In order to construct the probability function P(Z|S_i), an event β_j is introduced here. P(β_j) represents the probability that the j^th PLR in the sample vector Z_j is the impact location, and j = 0 means that there is no PLR to accurately locate the impact location. At the same time, considering the probability that two or more PLRs accurately locate the impact location is very low, it can be assumed that:

$${\displaystyle \sum _{j=0}^{J}P({\beta }_j)}\approx 1.$$

(6)

Then, P(Z|S_i) can be expanded by the full probability equation:

$$P(Z|S_i)={\displaystyle \sum _{j=0}^{J}P(Z|S_i,{\beta }_j)}P({\beta }_j).$$

(7)

Assuming that the occurrence of a mistake location of each PLR is independent of each other, the probability of the occurrence of a mistake location is P_F. The times of the occurrence of a mistake location in the sample vector can be considered to be subject to the Poisson distribution. Then, the probability that the sample vector has h mistake location results can be represented as μ_F(h). The expectation of the Poisson distribution was set to 10 in this paper, as there were 10 repeat experiments at each impact point and almost none of the PLRs achieved the right impact location. In addition, there are two cases for the calculation of P(β_j): for j = 0, which means there are no correct PLRs in the sample vector and all the results are mistake location results, then the number of mistake location results is J, which is the number of elements in the sample vector; if j ≠ 0, then there is only one PLR in the sample vector, i.e., the correct location, and the number of mistake location results is J − 1. Then, P(β_j) can be calculated by Equation (8):

$$\{\begin{array}{l}P({\beta }_j)={\mu }_F(J),j=0\\ P({\beta }_j)=\frac{(1-P_F)\cdot {\mu }_F(J-1)}{J},j\ne 0\end{array}.$$

(8)

Assuming that the mistake location results are evenly distributed on the test plate and the number of the grids divided in the CCGPWL algorithm is M, then the probability that the sample vector is Z when the impact point locates in the i^th grid and the j^th PLR locates the impact point, P(Z|S_i, β_j) can be expressed as:

$$\{\begin{array}{l}P(Z|S_i,{\beta }_j)=\frac{1}{M^J},j=0\\ P(Z|S_i,{\beta }_j)=\frac{1}{M^{J-1}}P(Z_j|S_i),j\ne 0\end{array}.$$

(9)

P(Z|S_i) can be expressed as:

$$P(Z|S_i)=\frac{{\mu }_F(J)}{M^J}+\frac{{\mu }_F(J-1)(1-P_F)}{J{M}^{J-1}}{\displaystyle \sum _{j=1}^{J}P(Z_j|S_i)}.$$

(10)

Assuming that the error e_j obeys a two-dimensional Gaussian distribution with a mean of zero and a covariance matrix of H, the PLR Z_j obeys a two-dimensional Gaussian distribution with a mean of R and a covariance matrix of H, which can be written as:

$$P(Z_j|S_i)\simeq {\rm N}(R,H).$$

(11)

To simplify Equation (10), we assume that the PLR Z_j obeys a one-dimensional Gaussian distribution in distance to the real impact point. Therefore, Equation (10) can be expressed as:

$$P(Z|S_i)=\frac{{\mu }_F(J)}{M^J}+\frac{{\mu }_F(J-1)(1-P_F)}{J{M}^{J-1}}{\displaystyle \sum _{j=1}^{J}g(d_{i,j})},$$

(12)

where g(d) is the one-dimensional Gaussian distribution, of which the variance is set to 13 by counting the variance of the PLRs of the experiments, d_i,j is the distance between PLR Z_j and the center of the i^th grid. After calculating all the impact probabilities P(Z|S_i) of all the girds, the center with the maximum impact probability is seen as the FLR.

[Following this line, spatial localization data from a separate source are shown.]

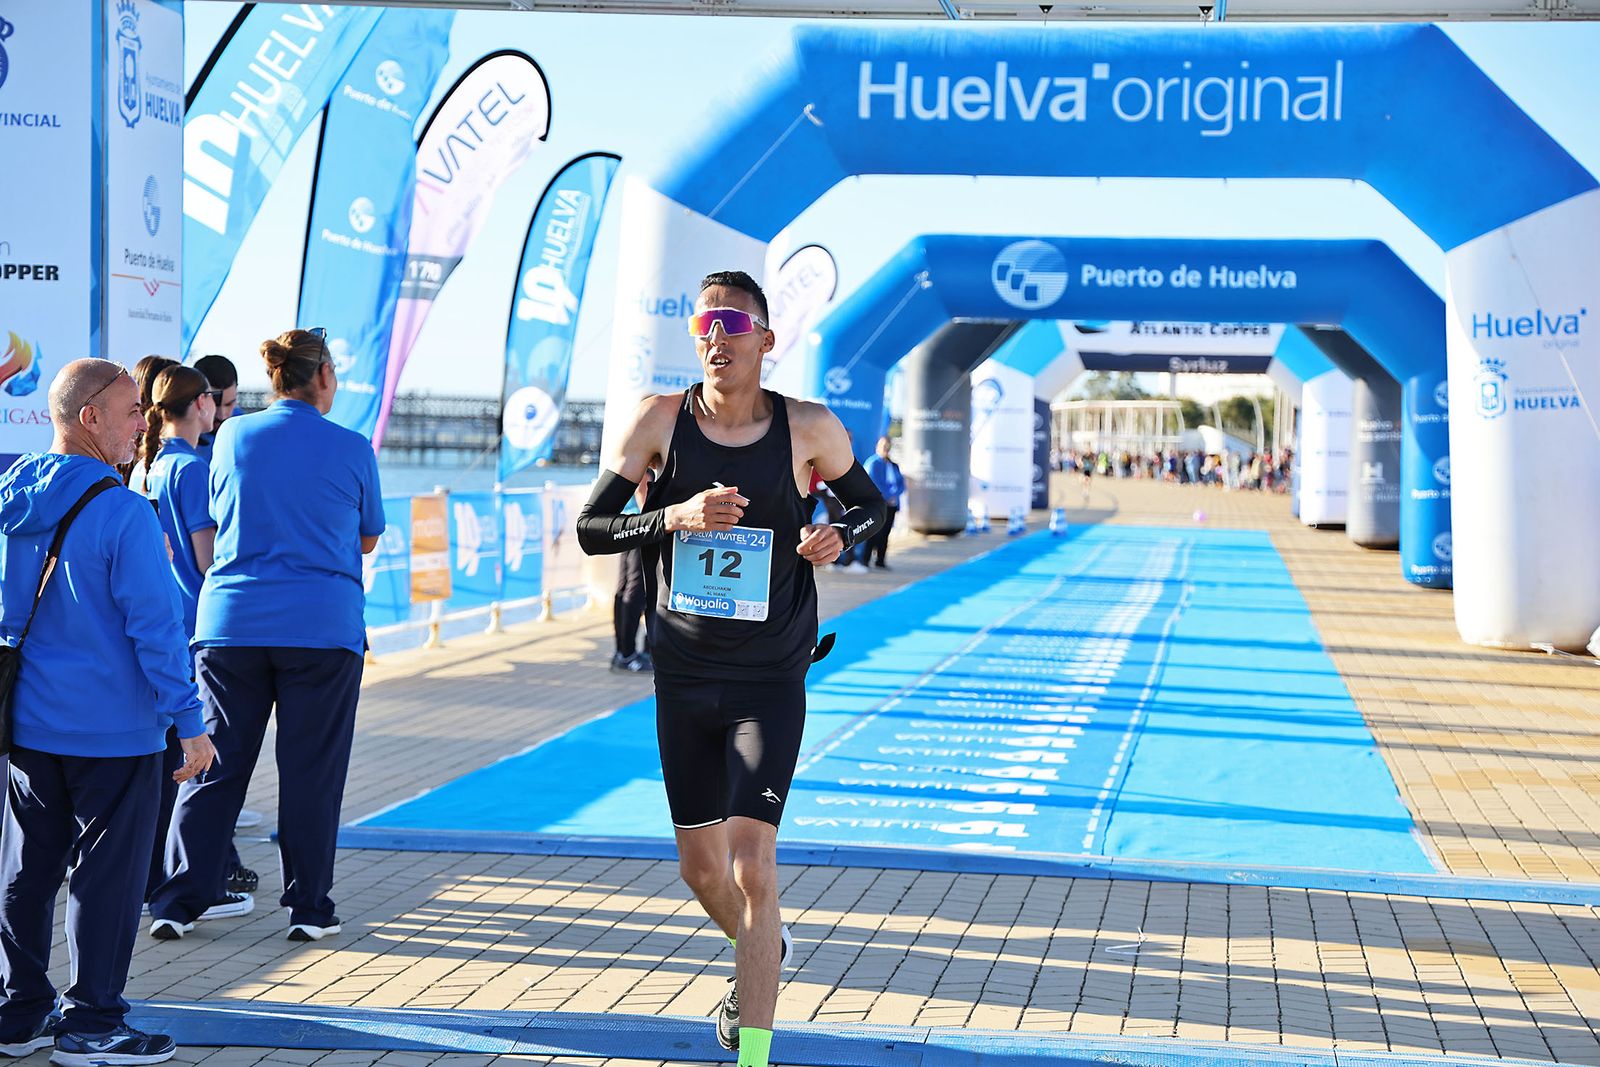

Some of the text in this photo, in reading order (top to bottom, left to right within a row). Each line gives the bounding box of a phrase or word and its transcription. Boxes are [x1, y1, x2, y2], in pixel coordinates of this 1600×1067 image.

[145, 92, 180, 127] HUELVA
[858, 59, 1344, 137] Huelva original
[541, 189, 582, 271] HUELVA
[123, 248, 147, 268] Puerto
[1080, 263, 1297, 288] Puerto de Huelva
[1472, 308, 1580, 338] Huelva
[1514, 396, 1580, 410] HUELVA
[0, 407, 52, 426] IGAS
[715, 532, 747, 543] AVATEL
[698, 548, 742, 579] 12
[685, 595, 729, 610] Wayalia

As it is desirable to obtain FLRs with a better resolution, the grids size may be smaller than the grids in the CCGPWL algorithm. In our experiments, the grids size for the CCGPWL algorithm was 1 cm $\times$ 1 cm, while the girds size for the PPLRO algorithm was 0.5 cm $\times$ 0.5 cm. The number of grids of the PPLRO algorithm was four times than that of the CCGPWL algorithm. In order to reduce the calculation amount, a tree search model was used in the PPLRO algorithm. As shown in Figure 3, when performing the calculation, the test plate is divided into relatively large grids for calculation firstly, and then the grid with the largest impact probability is the area of interest, which is divided into smaller grids for calculation. This process will continue, until the ideal resolution is obtained.

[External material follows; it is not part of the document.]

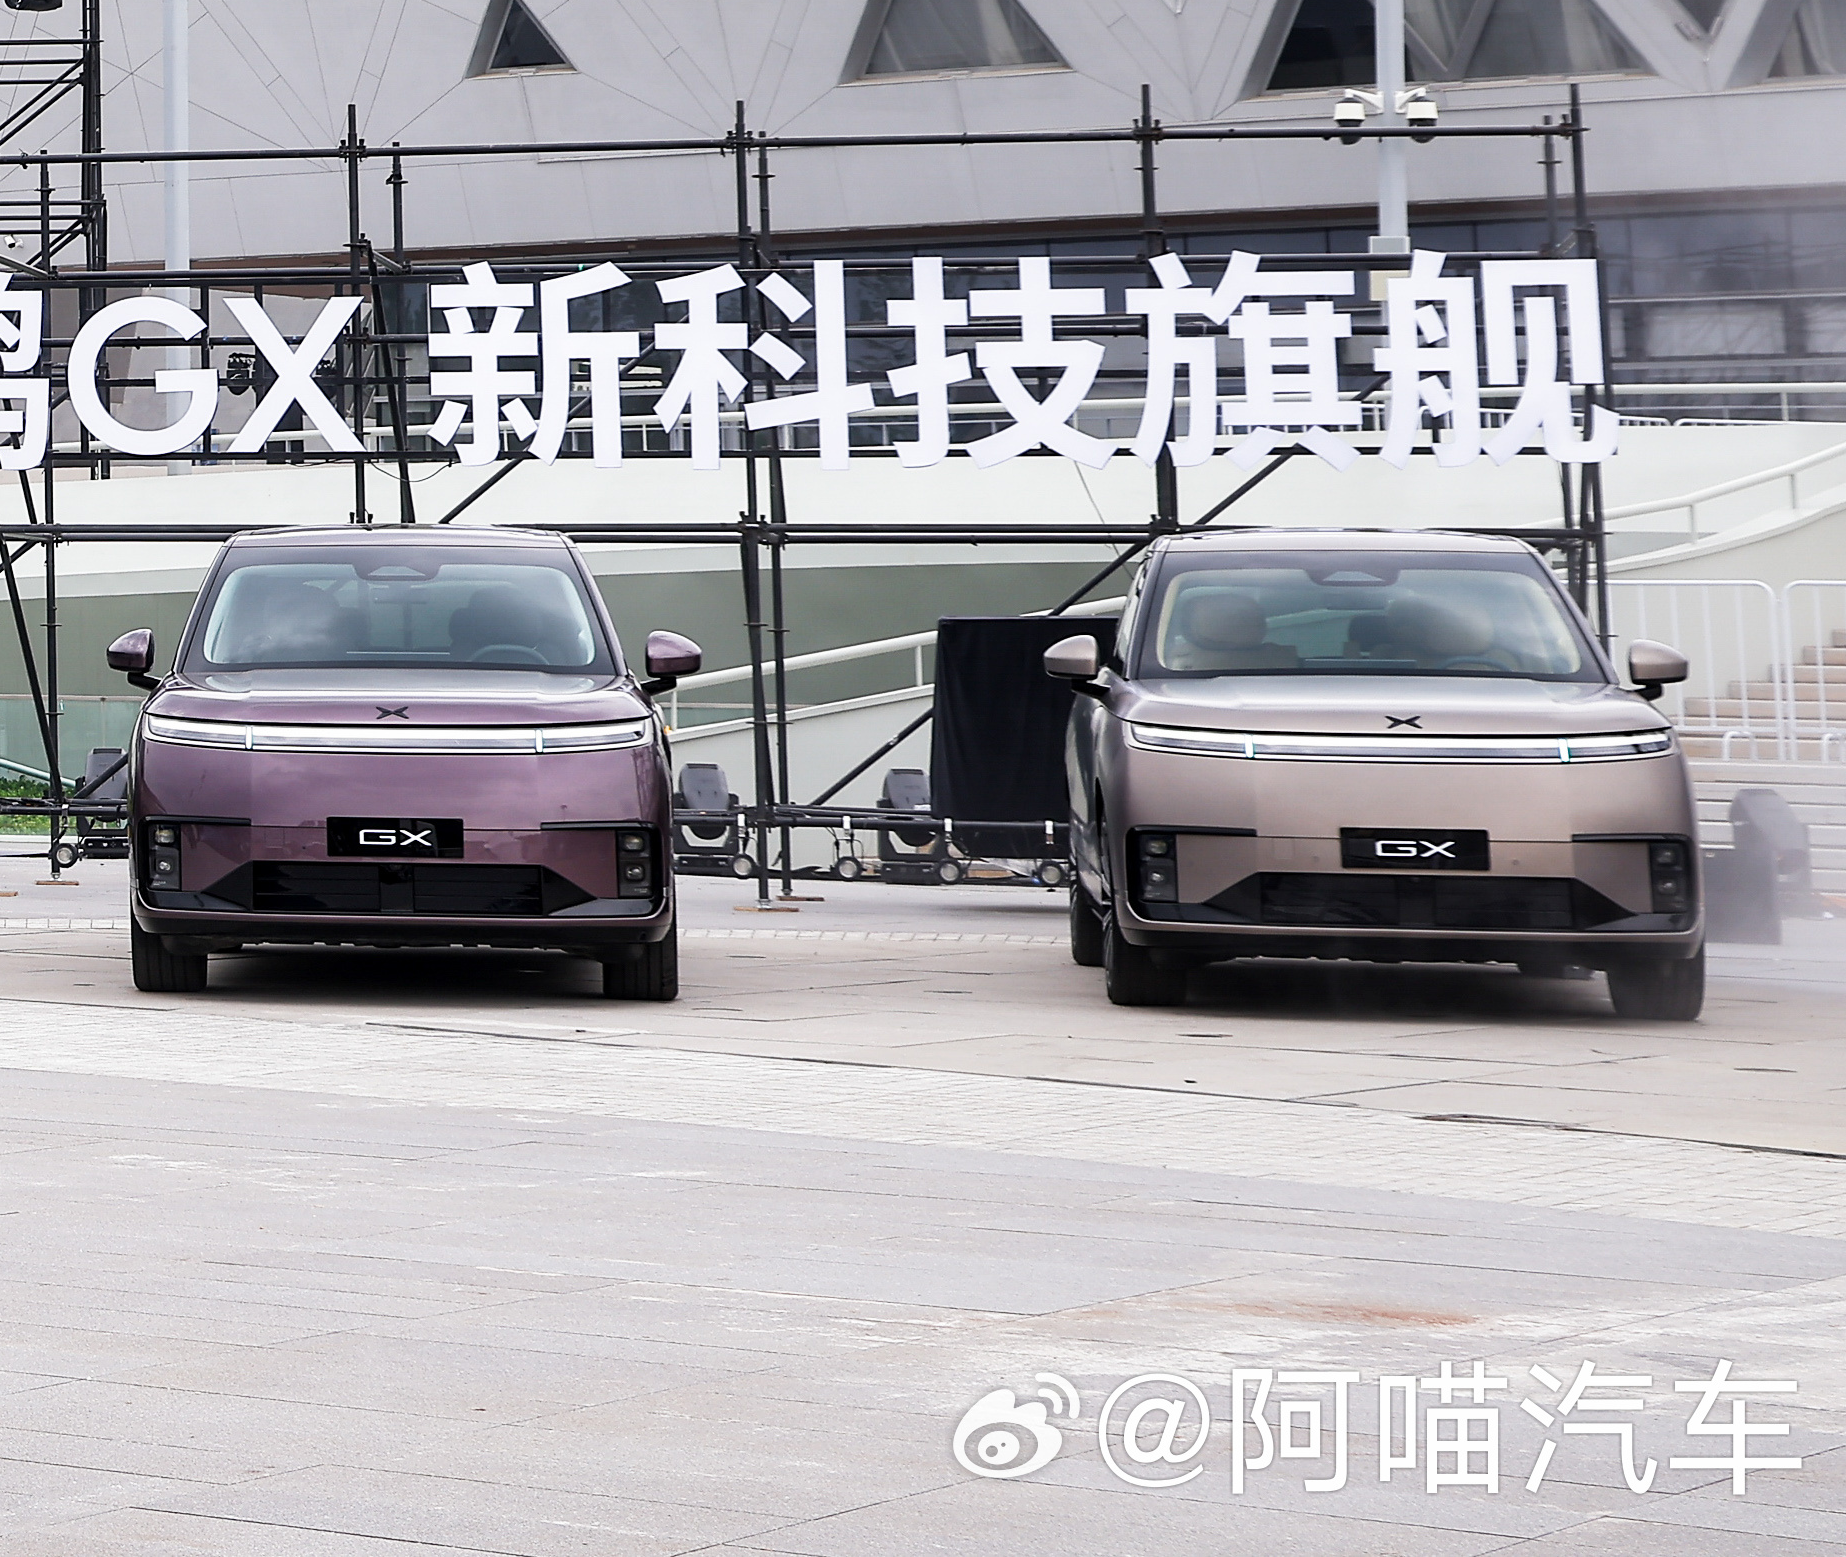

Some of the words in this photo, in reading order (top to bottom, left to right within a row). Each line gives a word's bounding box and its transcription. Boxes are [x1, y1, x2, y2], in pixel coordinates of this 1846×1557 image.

[427, 249, 1619, 471] 新科技旗舰
[359, 829, 432, 846] GX
[1375, 840, 1456, 858] GX

3. Experiment Platform Setup

In this section, a corresponding experimental platform was designed to verify the property of the impact location algorithm for a stiffened plate in a spacecraft. The experimental setup consisted of an acoustic emission acquisition system (DS2-16B, Softland Times, Beijing, China), eight signal amplifiers (AE Amplifier, Softland Times, Beijing, China), eight acoustic emission sensors (Nano 30, PAC, America), a test plate (material: 5A06), a computer, and a laser debris generator.

The test plate used in the experiment was a stiffened 5A06 aluminum alloy plate, which is commonly used in spacecraft structures. There were a total of eight stiffeners on the reverse side of the test plate. The specific parameters of the test plate are shown in

Table 1. Parameters of the test plate.

Parameter	Value	Parameter	Value
Length of the plate (mm)	1000	Height of the stiffener (mm)	20
Width of the plate (mm)	1000	Thickness of the stiffener (mm)	4
Thickness of the plate (mm)	2.5	Spacing of the stiffener (mm)	200

. The actual structure of the test plate is shown in Figure 4.

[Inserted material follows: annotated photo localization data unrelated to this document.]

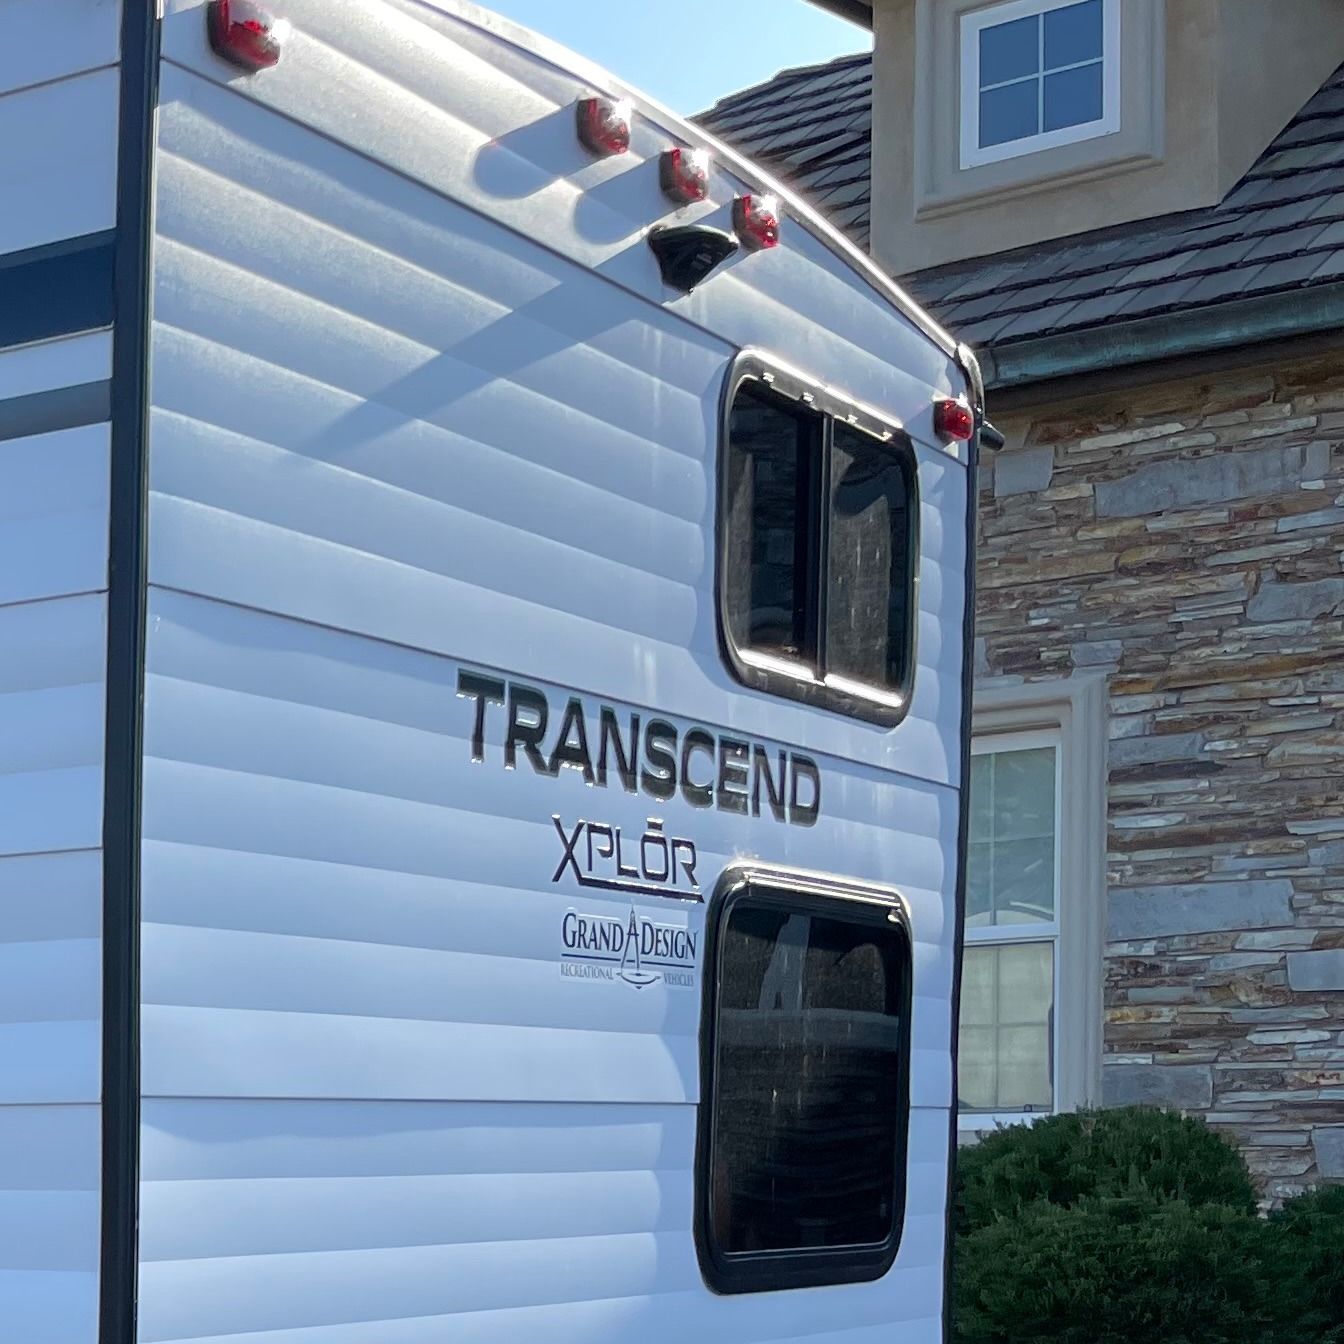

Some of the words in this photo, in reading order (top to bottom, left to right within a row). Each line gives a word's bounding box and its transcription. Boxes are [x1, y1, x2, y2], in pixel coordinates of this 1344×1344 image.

[456, 667, 821, 828] TRANSCEND
[562, 912, 624, 953] GRAND
[640, 921, 700, 960] DESIGN
[560, 963, 614, 980] RECREATIONAL
[663, 972, 694, 987] VEHICLES

The laser debris generator mainly consisted of two parts: a laser generator and a piece of aluminum foil. The laser generator was used to generate a high-energy laser beam, and the laser beam shone on the aluminum foil and generated aluminum debris with a high speed. The speed of the aluminum debris reached 5 km/s, and its size of it was about 0.1 mm. The repetitive error of the laser debris generator was less than 0.1 mm, which met experimental requirements. During the experiment, a total of 13 impact points were selected to generate impact signals, three sensor network schemes were selected for signal acquisition, and each impact point generated impact signals 10 times. The sensor network schemes and the location of the impact point are shown in Figure 5.

The experiment platform schematic diagram is shown in Figure 6. The impact signal generated by the laser debris generator was collected by the sensors. After it was amplified by an amplifier, the signal then was converted into a digital signal by an acoustic emission instrument and finally was saved in a computer. A location algorithm using Matlab codes was run and gave a location result.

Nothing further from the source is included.